| Problem to solve |
Except for the pictures, retype the records that follow exactly.

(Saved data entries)
# # #
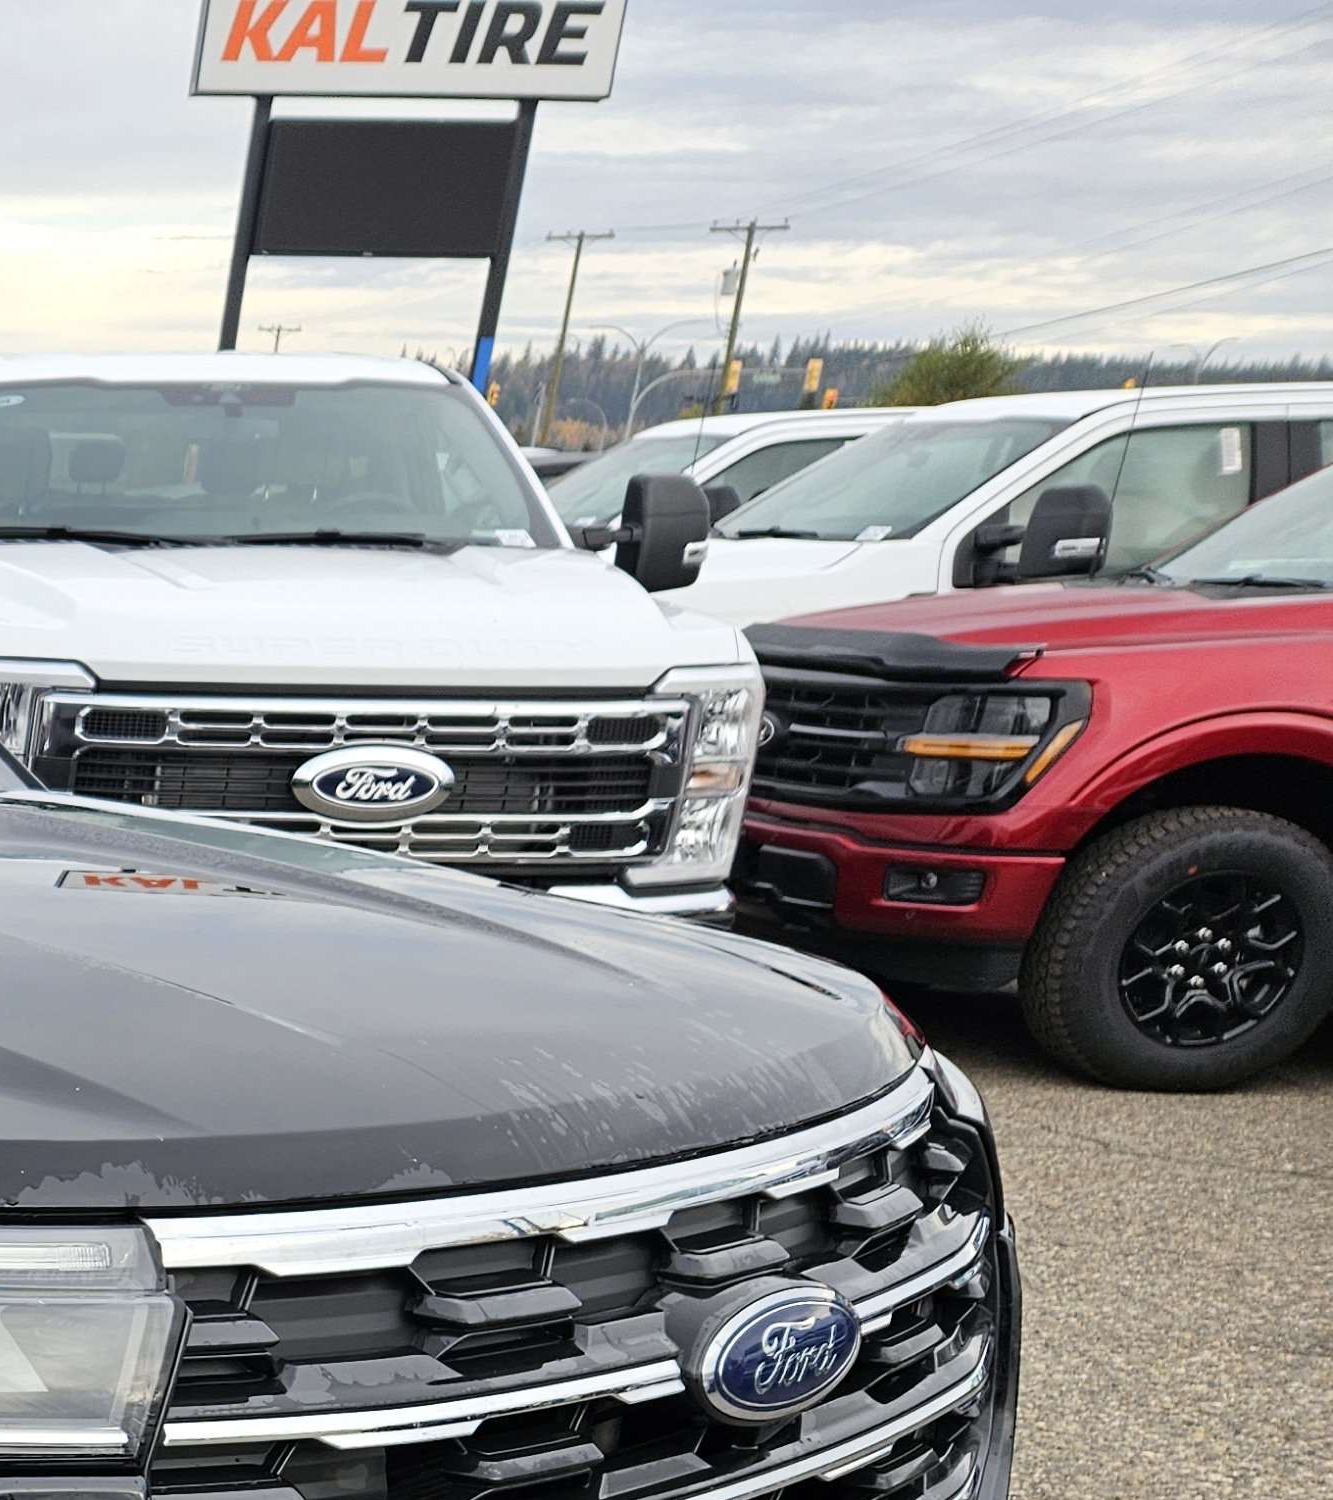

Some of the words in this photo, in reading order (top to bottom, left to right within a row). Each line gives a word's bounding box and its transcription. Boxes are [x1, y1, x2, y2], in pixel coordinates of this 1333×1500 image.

[221, 0, 389, 62] KAL
[403, 0, 605, 66] TIRE
[336, 766, 416, 801] Ford
[753, 1315, 839, 1396] Ford
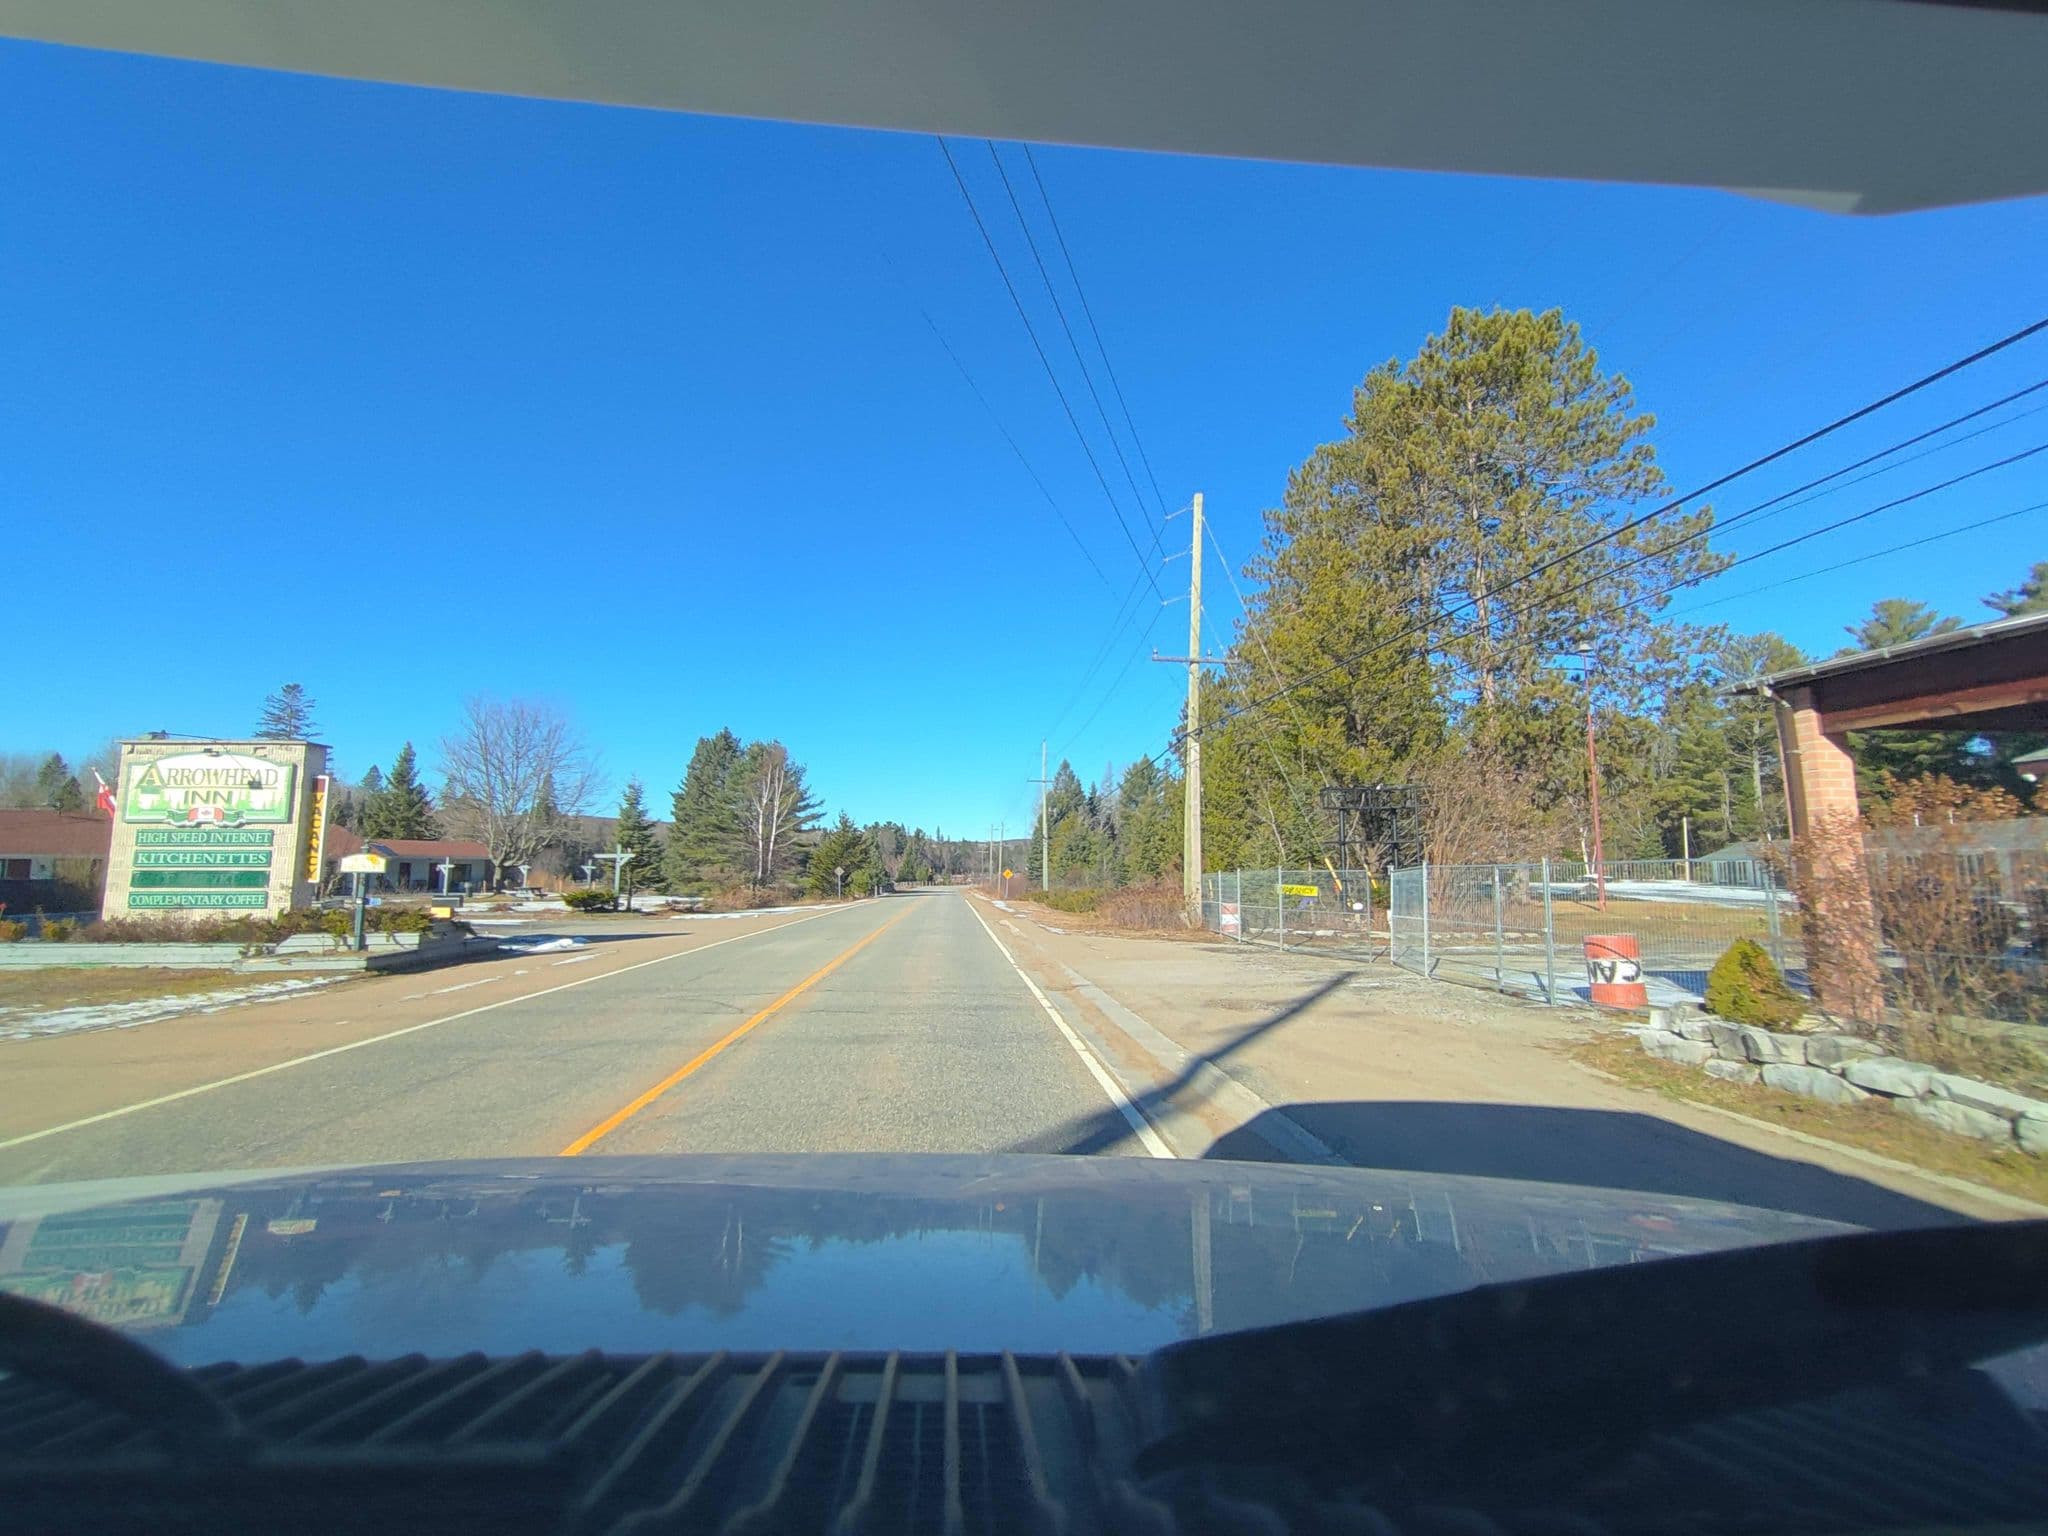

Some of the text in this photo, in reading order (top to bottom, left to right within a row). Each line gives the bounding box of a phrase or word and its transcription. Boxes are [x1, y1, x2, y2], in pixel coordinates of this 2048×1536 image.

[134, 761, 279, 788] ARROWHEAD
[184, 790, 233, 805] INN
[137, 832, 271, 843] HIGH SPEED INTERNET
[137, 852, 267, 864] KITCHENETTES
[226, 894, 265, 905] COFFEE
# # #
| Final answer |
Some of the words in this photo, in reading order (top to bottom, left to right within a row). Each line gives a word's bounding box and its transcription. Boxes are [x1, y1, x2, y2], in pixel coordinates of this 1333×1500 image.

[221, 0, 389, 62] KAL
[403, 0, 605, 66] TIRE
[336, 766, 416, 801] Ford
[753, 1315, 839, 1396] Ford

Some of the text in this photo, in reading order (top to bottom, left to right within a row). Each line gives the bounding box of a phrase or word and its transcription. Boxes are [x1, y1, x2, y2], in pixel coordinates of this 2048×1536 image.

[134, 761, 279, 788] ARROWHEAD
[184, 790, 233, 805] INN
[137, 832, 271, 843] HIGH SPEED INTERNET
[137, 852, 267, 864] KITCHENETTES
[226, 894, 265, 905] COFFEE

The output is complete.